- Born: Vijayawada, Andhra Pradesh, India
- Occupation: Model
- Years active: 2005 - Present
- Spouse: Jonathan Ward (2010 – present)

= Sindhura Gadde =

Indian model and actress

Sindhura Gadde is an Indian former actress and beauty pageant titleholder who won Femina Miss India World 2005 also made to the semi-finals of Miss World Pageant in 2005.

==Early life==
Sindhura Gadde was born in Vijayawada, Andhra Pradesh. She was raised by her grandparents in Vijayawada, while her parents were working abroad in New Zealand. When she was 10 years old, she moved to New Zealand. After completing her studies in New Zealand, she started her career in media and fashion industry. She returned to India and completed her double degree in Pharmacology & Physiology and a diploma in modeling. She also took introduction courses in Japanese, Chinese and Arabic.

==Career==
She was crowned Femina Miss India World in 2005. When asked in the semi-final round which invention they would like to create and why, she replied she wanted to develop a natural remedy for cancer. After winning the contest, she said "she felt on top of the world at winning, and hoped to make India proud globally". Her fashion designer during the contest was Jayaram Ramineni
She was 1st runner up at Miss India NZ 2002 and 2nd runner up in Miss Auckland 2002.
Since her crowning, she has made several public appearances such as the TANA Conference 2005 in Detroit, Michigan and at the Hindu Samaj Temple in Wappingers Falls, New York. Sindhura made it to the semi-finals in the 2005 Miss World Pageant held in China.

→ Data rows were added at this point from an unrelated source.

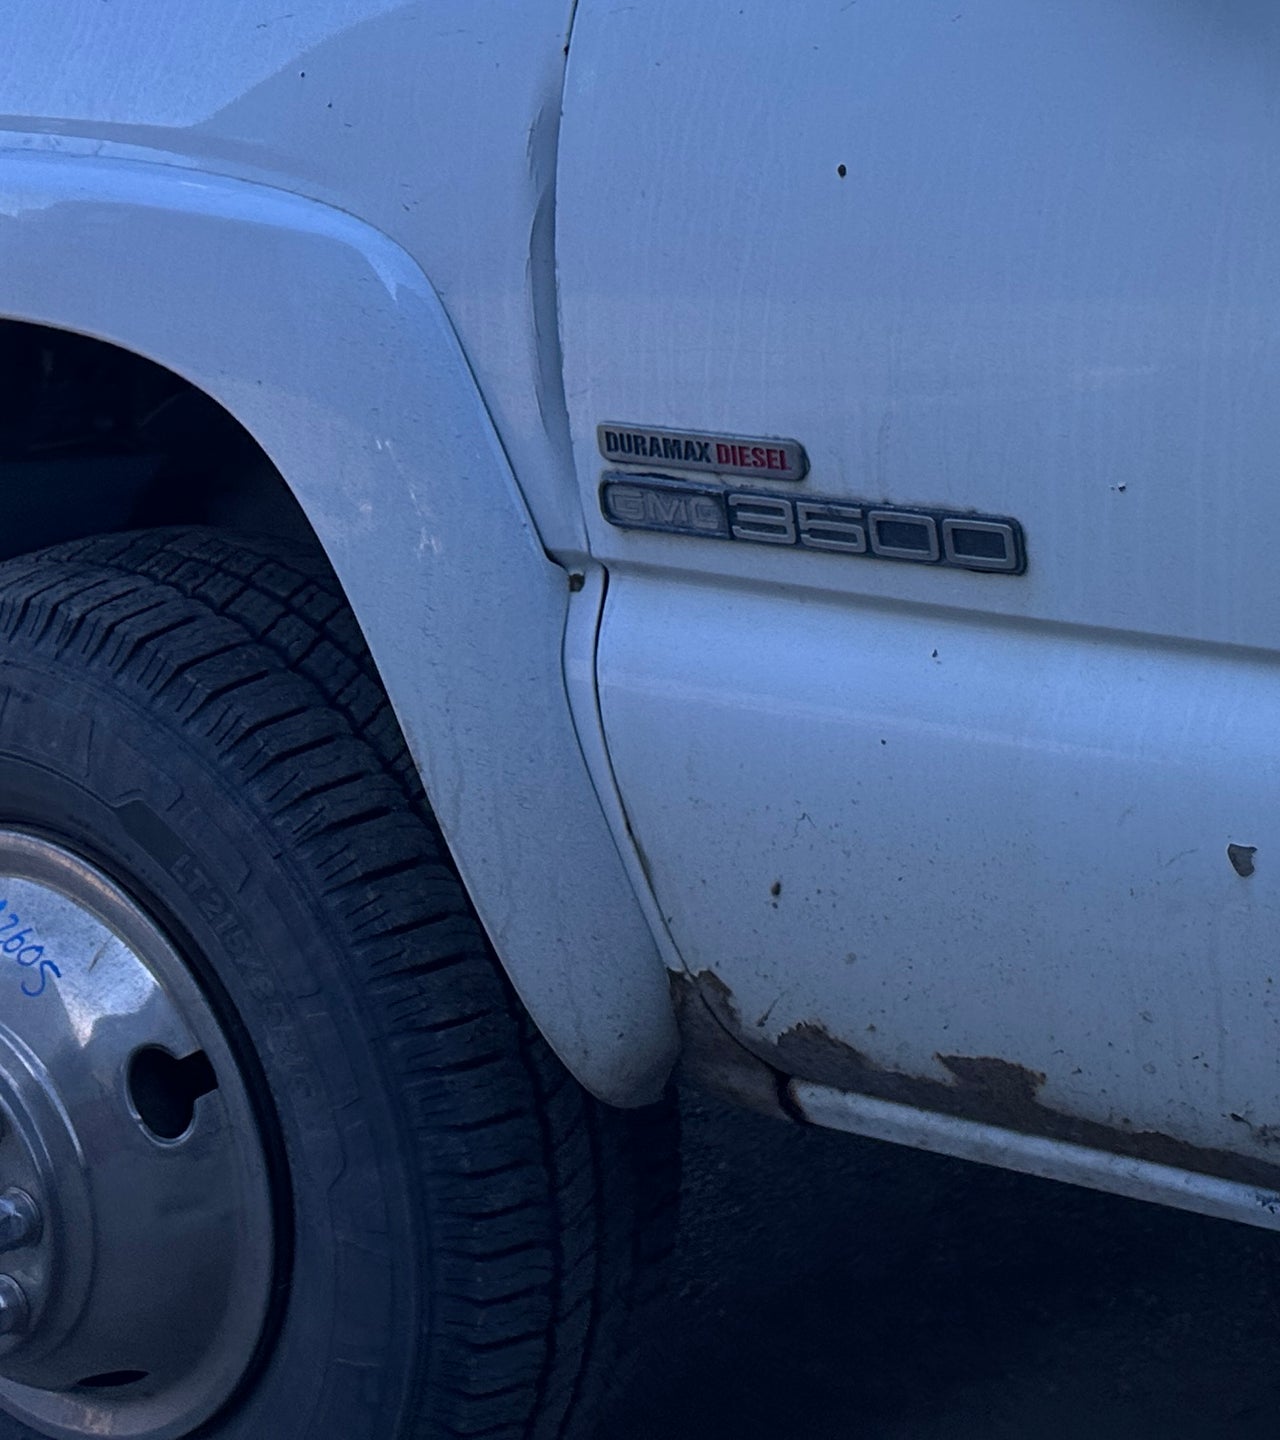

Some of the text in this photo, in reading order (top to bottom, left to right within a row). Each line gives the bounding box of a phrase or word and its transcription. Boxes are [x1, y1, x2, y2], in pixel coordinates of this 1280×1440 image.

[604, 431, 793, 471] DURAMAX DIESEL
[612, 490, 1015, 568] GMC 3500
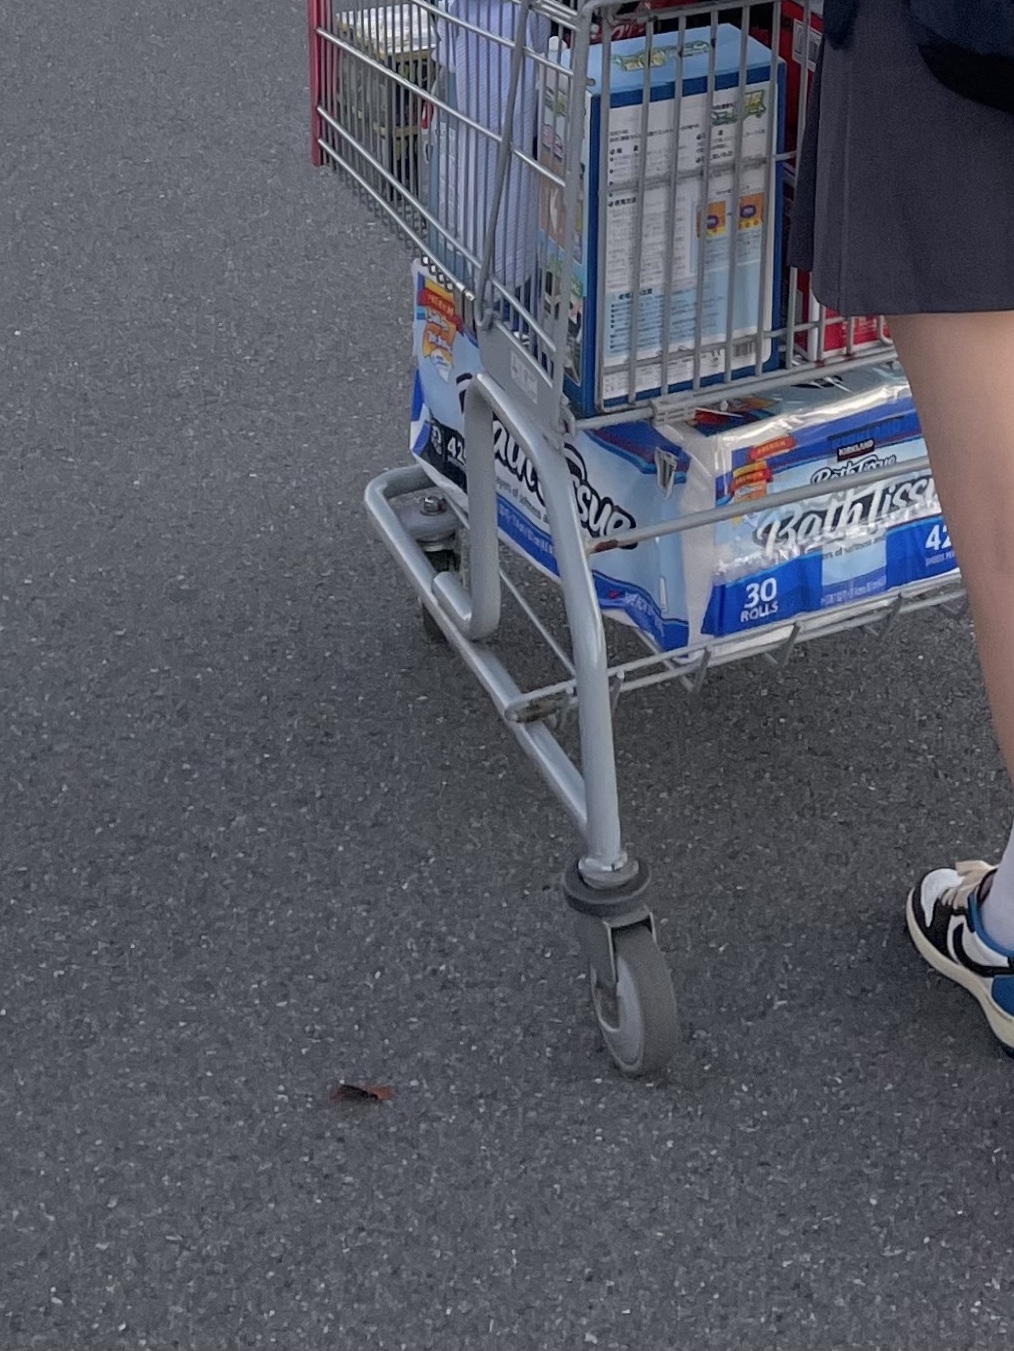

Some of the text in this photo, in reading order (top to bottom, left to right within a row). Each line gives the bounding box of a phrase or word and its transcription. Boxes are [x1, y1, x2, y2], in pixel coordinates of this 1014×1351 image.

[756, 486, 864, 557] Bath
[745, 577, 777, 609] 30
[740, 600, 779, 623] ROLLS
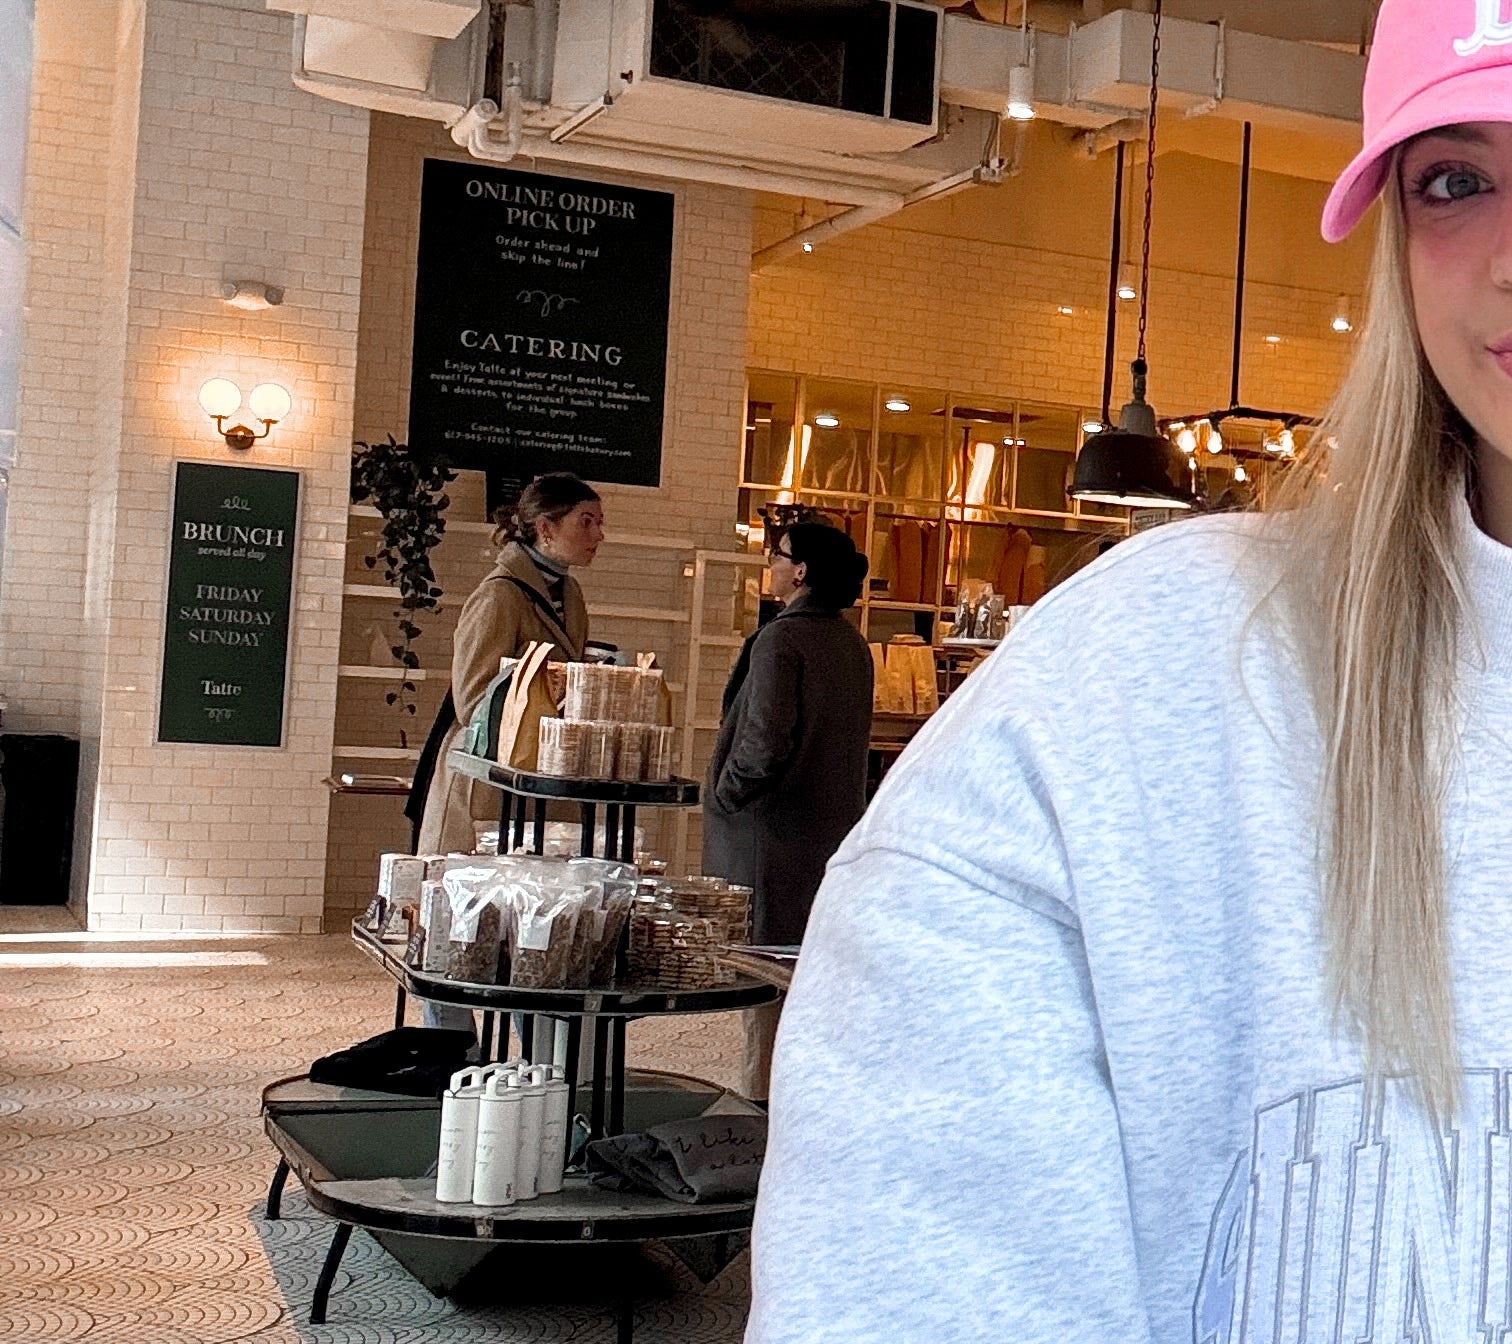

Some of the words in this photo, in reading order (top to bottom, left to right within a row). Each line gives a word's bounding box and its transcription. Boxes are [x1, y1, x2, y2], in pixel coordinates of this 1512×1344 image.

[466, 179, 554, 208] ONLINE
[558, 192, 636, 220] ORDER
[507, 208, 560, 231] PICK
[565, 216, 597, 235] UP
[495, 235, 530, 248] Order
[535, 240, 572, 254] ahead
[577, 247, 599, 258] and
[501, 250, 527, 264] skip
[533, 254, 552, 266] the
[461, 329, 622, 366] CATERING
[183, 522, 284, 547] BRUNCH
[196, 584, 264, 603] FRIDAY
[180, 606, 276, 626] SATURDAY
[189, 629, 264, 647] SUNDAY
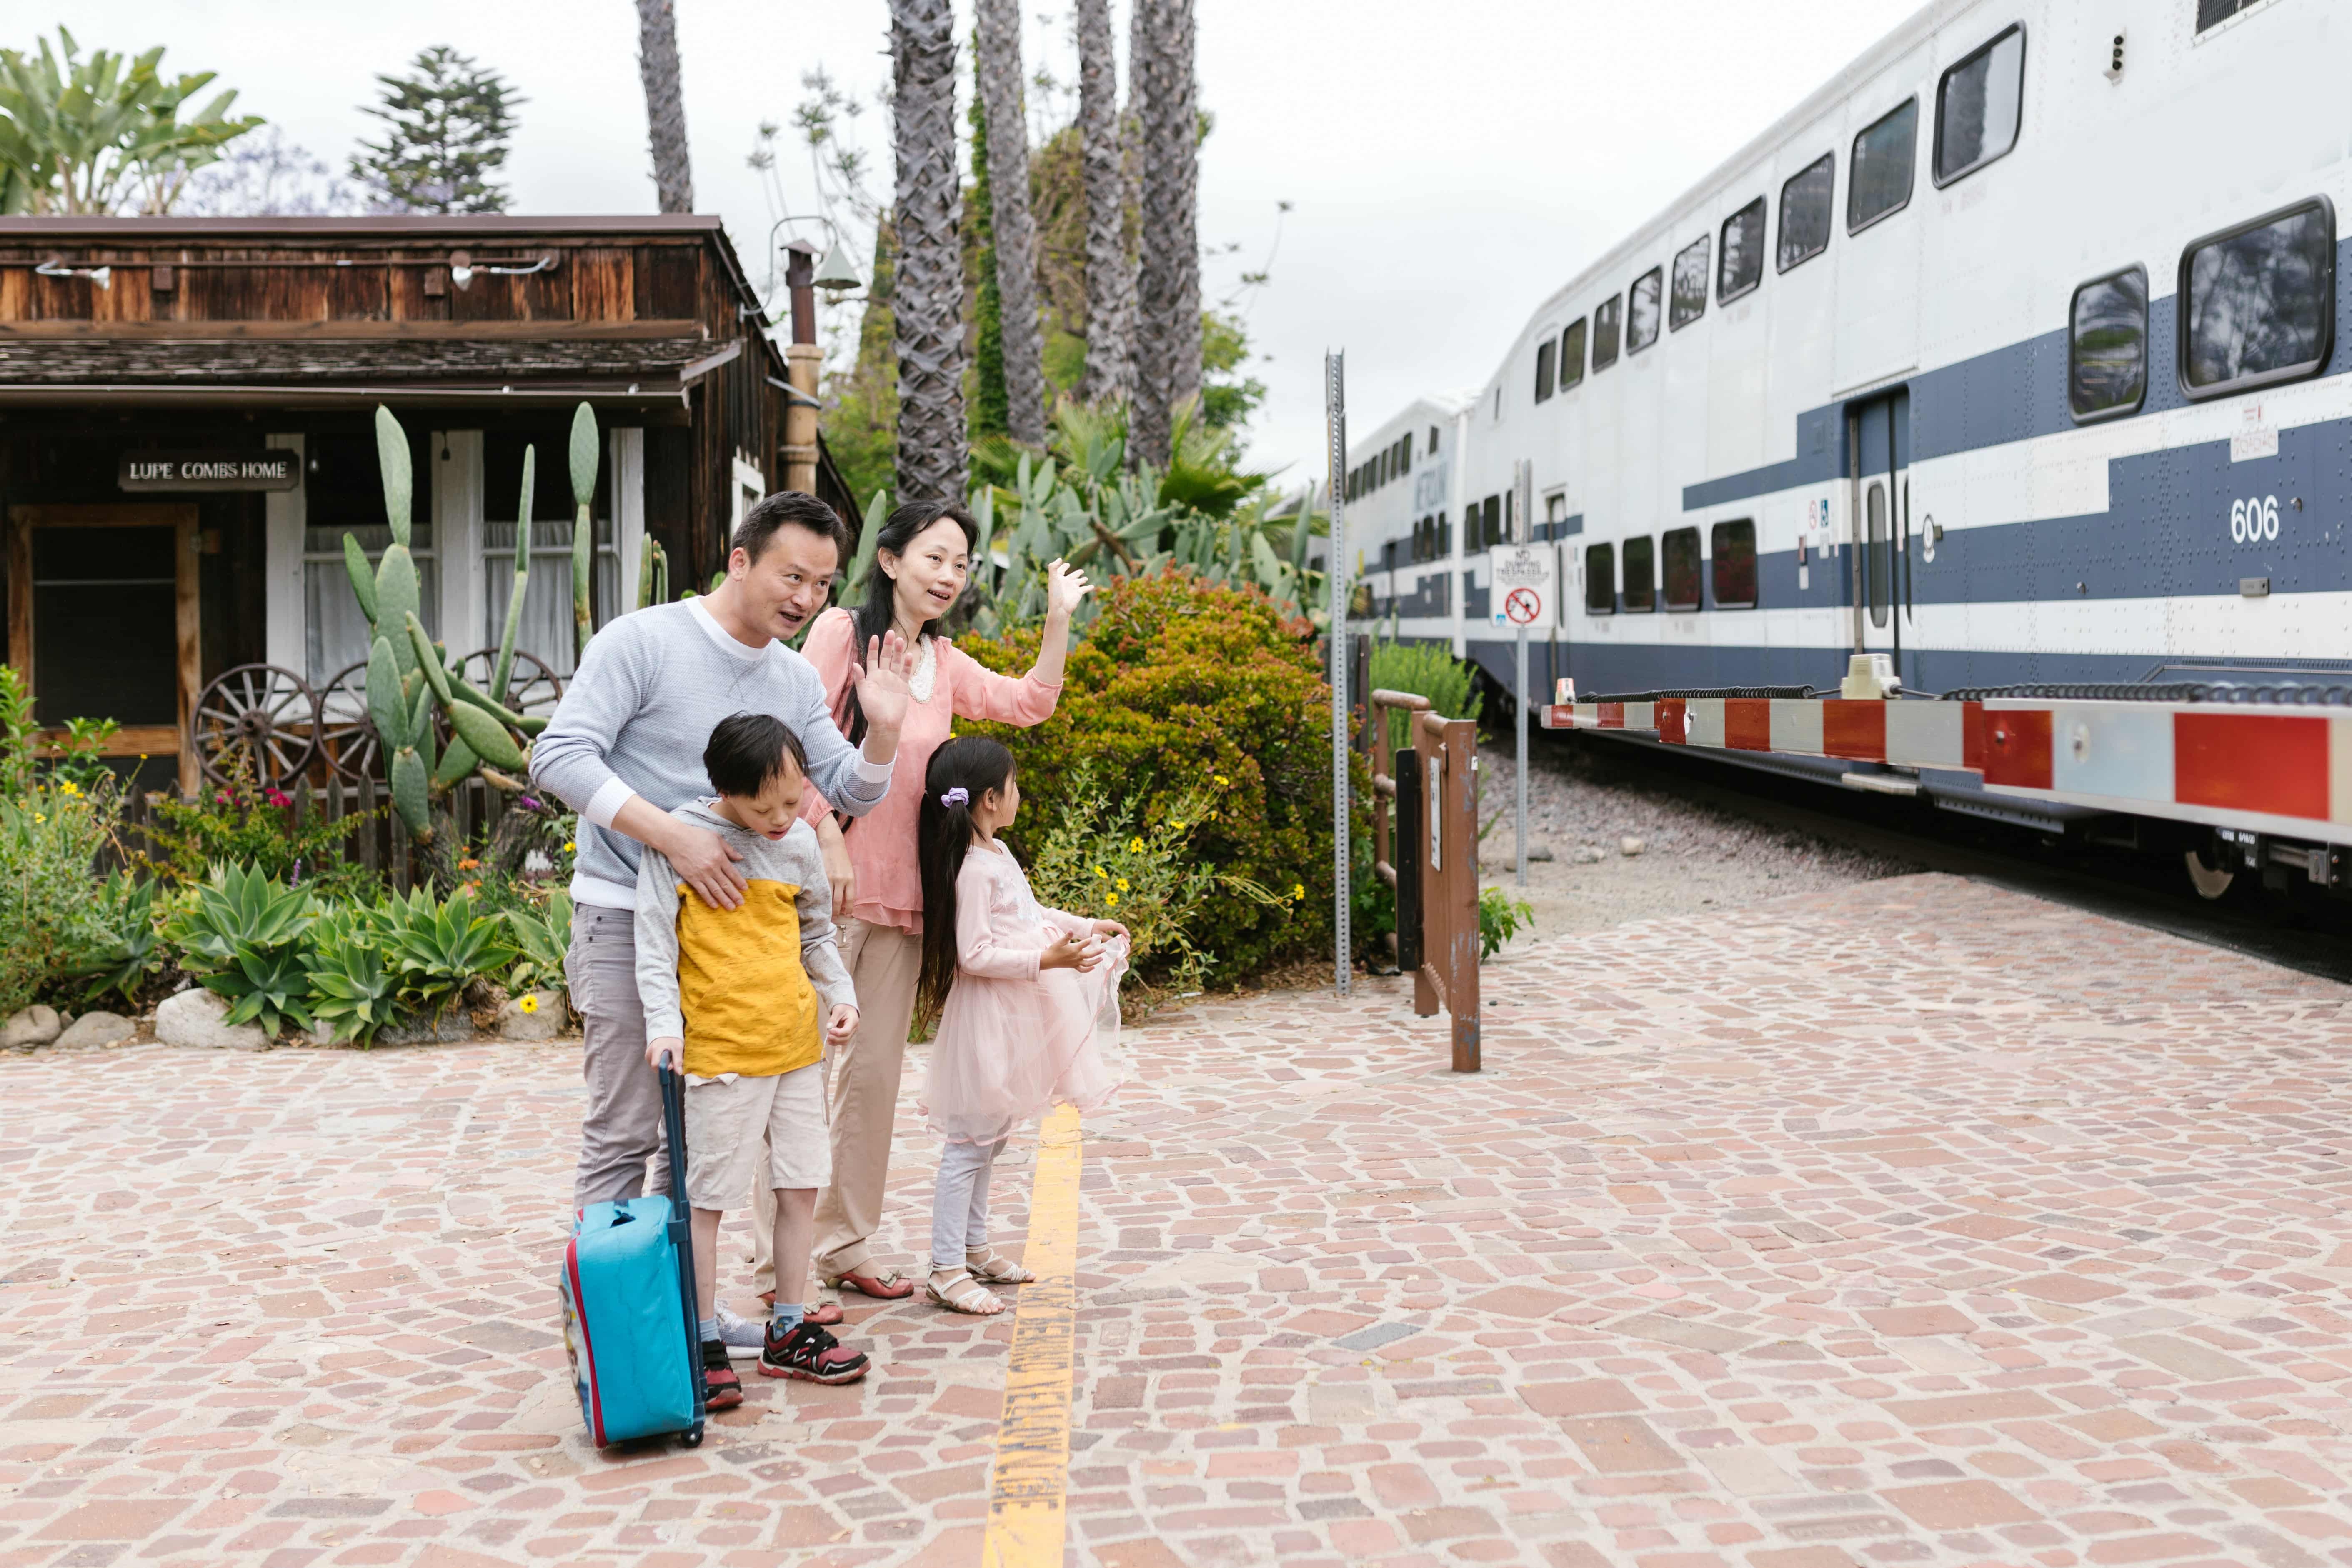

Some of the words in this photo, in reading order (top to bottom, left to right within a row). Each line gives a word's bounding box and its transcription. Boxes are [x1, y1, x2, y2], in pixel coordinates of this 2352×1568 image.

[130, 462, 173, 479] LUPE
[181, 462, 237, 479] COMBS
[242, 461, 287, 478] HOME
[2231, 495, 2279, 544] 606
[1516, 549, 1531, 560] NO
[998, 1379, 1067, 1453] YELLOW
[991, 1458, 1060, 1513] LINE

Gadde made her debut in Tollywood in the movie Sangamam opposite Rohit Khurana. The Telugu movie was directed by Rasool Ellore and produced by P Ramana and Gavara Parthasarathy. She also did a bit of role in Heyy Babyy and signed Nagesh Kukunoor's Bemisal, but that film didn't go into production. She then went back to do a Telugu movie Amaravathi with director by Ravi Babu and Killer.

She also continued to host Femina Miss India South for 3 continuous years.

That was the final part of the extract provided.